Stock Connect block trades part of China capital market charm offensive

The move follows pledges by Chinese authorities to boost the stock market and improve investor sentiment as the domestic economy struggles.

Global investors are awaiting details of a proposal that would allow block trading on Stock Connect for the first time, in a move likely to enhance efficiency and attract institutional interest.

The China Securities Regulatory Commission (CSRC) and the Hong Kong Securities and Futures Commission (SFC) on August 11 made the joint announcement to allow investors under Stock Connect - the mutual stock market access arrangements between mainland China and Hong Kong – to execute large-sized transactions at privately negotiated prices.

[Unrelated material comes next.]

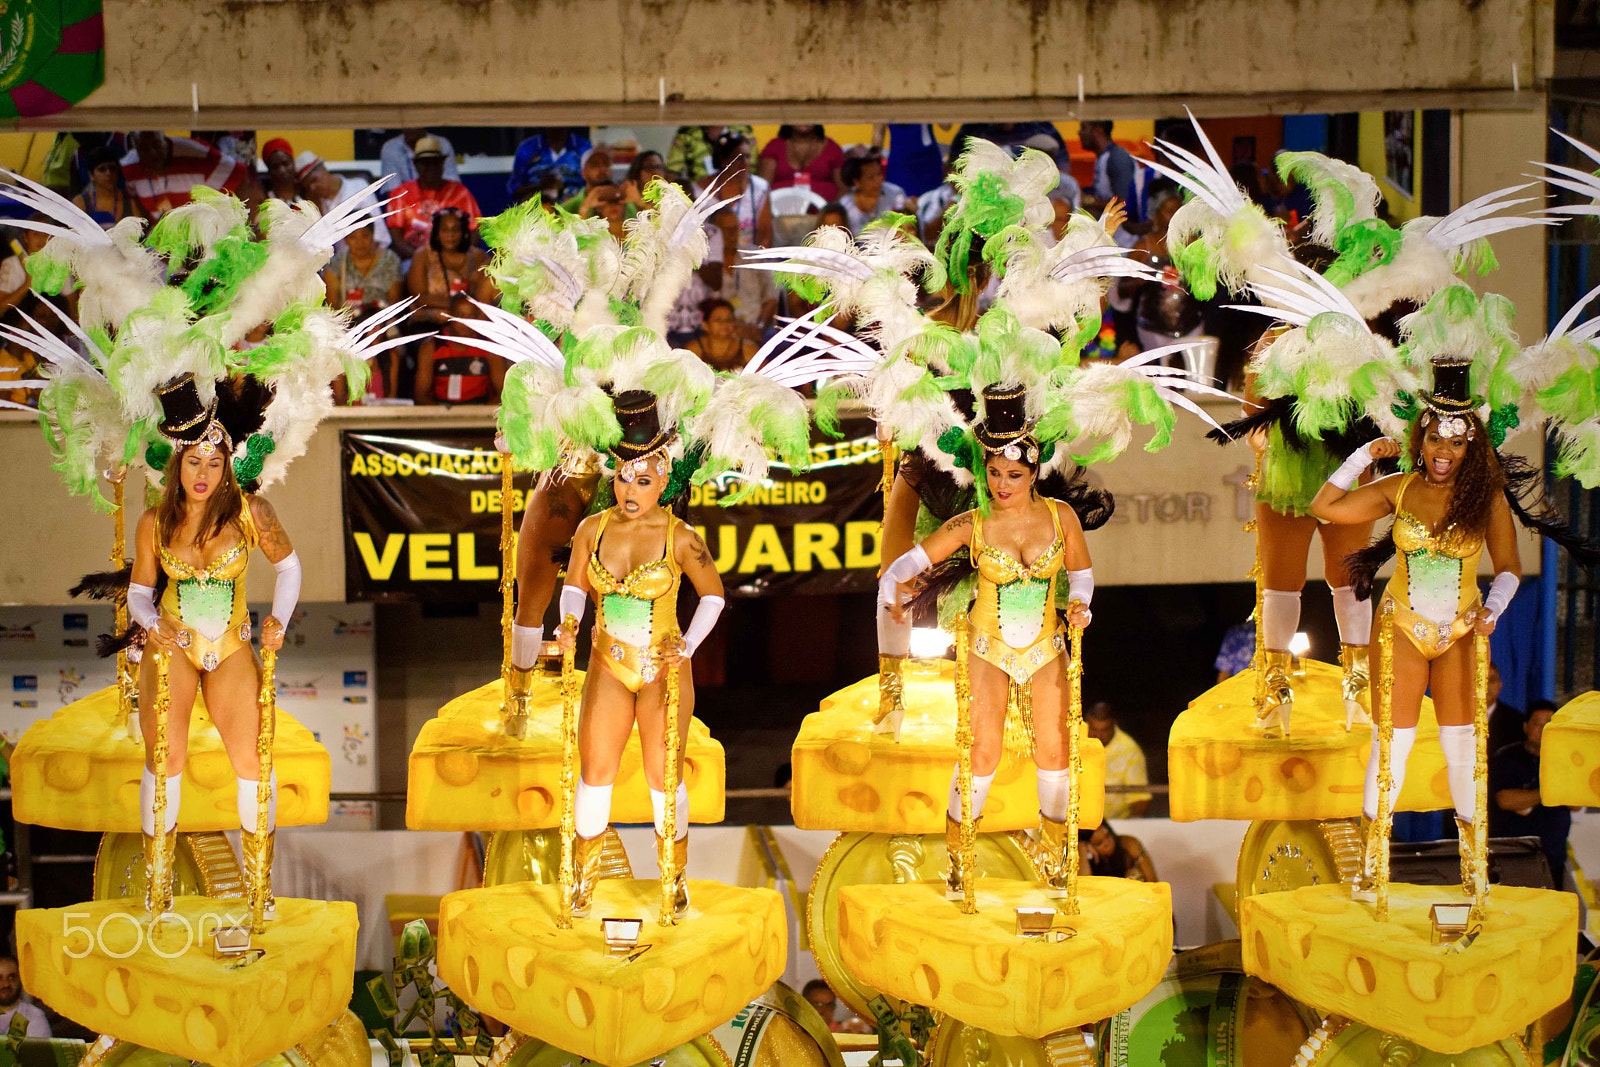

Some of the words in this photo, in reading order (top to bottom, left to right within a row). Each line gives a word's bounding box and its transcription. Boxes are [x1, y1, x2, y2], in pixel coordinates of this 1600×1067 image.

[470, 489, 503, 514] DE
[688, 482, 717, 507] DE
[353, 532, 519, 581] VEL
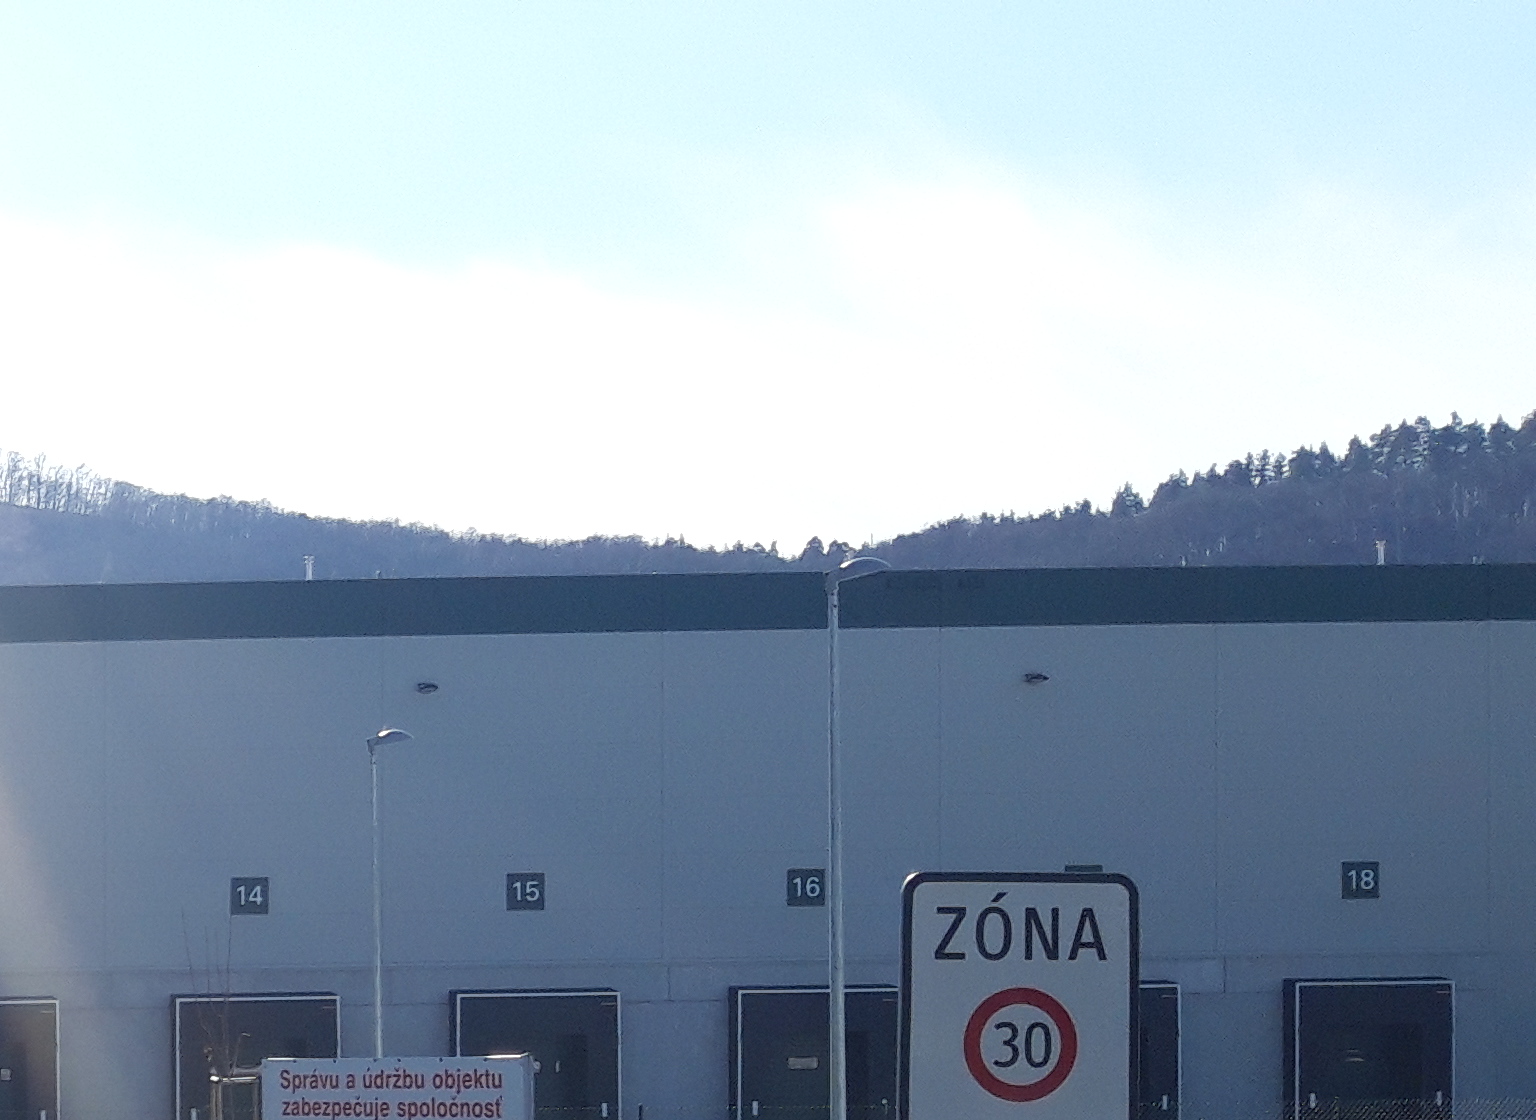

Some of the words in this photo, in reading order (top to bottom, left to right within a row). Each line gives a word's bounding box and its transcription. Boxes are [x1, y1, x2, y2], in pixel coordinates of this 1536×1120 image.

The operational and regulatory details of the new block trading mechanism are still under development. The respective stock exchanges are expected to announce implementation details and the official launch date “in due course”.

Price impact

Analysts say the new arrangement could reduce the potential price impact on the market of large-sized transactions.

Lyndon Chao, managing director of the Securities Department at the Asian Securities Industry and Financial Market Association (ASIFMA), told FinanceAsia (FA) the main advantage would be in cost savings to institutional investors.

“Block trading can become a key source of liquidity for investors and exchanges, maximising volume while minimising pricing impact and market volatility,” he said. “There has been significant trading positions amassed via Stock Connect that have been unable to engage in block trading and these will become unlocked once the new framework is implemented.”

Sharnie Wong, senior research analyst at Bloomberg Intelligence, told FA the new regulations would help cement Hong Kong’s position as China’s main capital markets hub.

“Hong Kong and mainland China securities regulators' proposed introduction of block trading under Stock Connect should enhance efficiency and could attract global institutional investors,” Wong told FA.

Boost for HKEX

“The northbound link accounts for about 6% of China's total stock market turnover, and every 10% increase in northbound turnover could lift HKEX's profit by about 0.8%, we calculate,” she added.

The Shanghai-Hong Kong Stock Connect and Shenzhen-Hong Kong Stock Connect (launched in 2014 and 2016, respectively) have allowed investors from mainland China and Hong Kong to trade shares listed on each other’s market. 

Aimed at opening up China’s capital account and internationalising the renminbi (RMB), the scope of eligible stocks under the bi-directional arrangement has been gradually expanding.

In 2022, the scope of eligible stocks under Stock Connect was expanded to include exchange-traded funds (ETFs), international companies primarily listed in Hong Kong and a larger number of Shanghai and Shenzhen-listed companies.

Despite this, block trade have not been easily available under the Stock Connect regime.

Offshore investors could only previously engage in block trading through the Qualified Foreign Investor (QFI) scheme – a quota system that allows them limited access to the RMB-denominated capital market.

QFI restrictions

Since many Stock Connect participants do not have a QFI licence to access block trading, large-sized transactions involved lengthy procedures through separate transactions meaning costs could not easily be controlled.

Almost RMB100 billion (US$13.8 billion) is traded northbound each day in the Stock Connect link in the first quarter, according to Bloomberg figures. That was down 8% from a year earlier. Trading southbound was HK$37.5 billion (US$4.8 billion) a day in the same period, up 6%.

While the move comes as China launches a series of initiatives to lure global foreign investment amid an economic slowdown, institutional investors have previously been underwhelmed by regulatory moves to liberalise China’s capital markets.

Hong Kong’s SFC and the CSRC jointly announced in December the expansion of stocks eligible for trading, however analysts at the time said the impact on trading volumes was likely to be minimal.

Crowded market

The move increased by about 1,000 the number of small and mid-cap A-share – or mainland listed – companies on top of the 1,500 eligible companies, but analysts said both southbound and northbound trading was likely to continue to be dominated by the top 100 companies.

“With the recent expansion, some smaller names may attract some investors. But as far as I know, for overseas institutional investors, even though they are paying more attention to A-shares, they can’t spare the time to look at all of the over 5,000 stocks,” Hyde Chen, chief investment officer of private wealth management at Haitong International, told AsianInvestor in January.

“At the end of the day, they, or most funds, can still only invest in dozens of top names, or those in the CSI 300. To add a long tail on top of that is good news, but won’t have a significant impact on the overall market movement,” he added.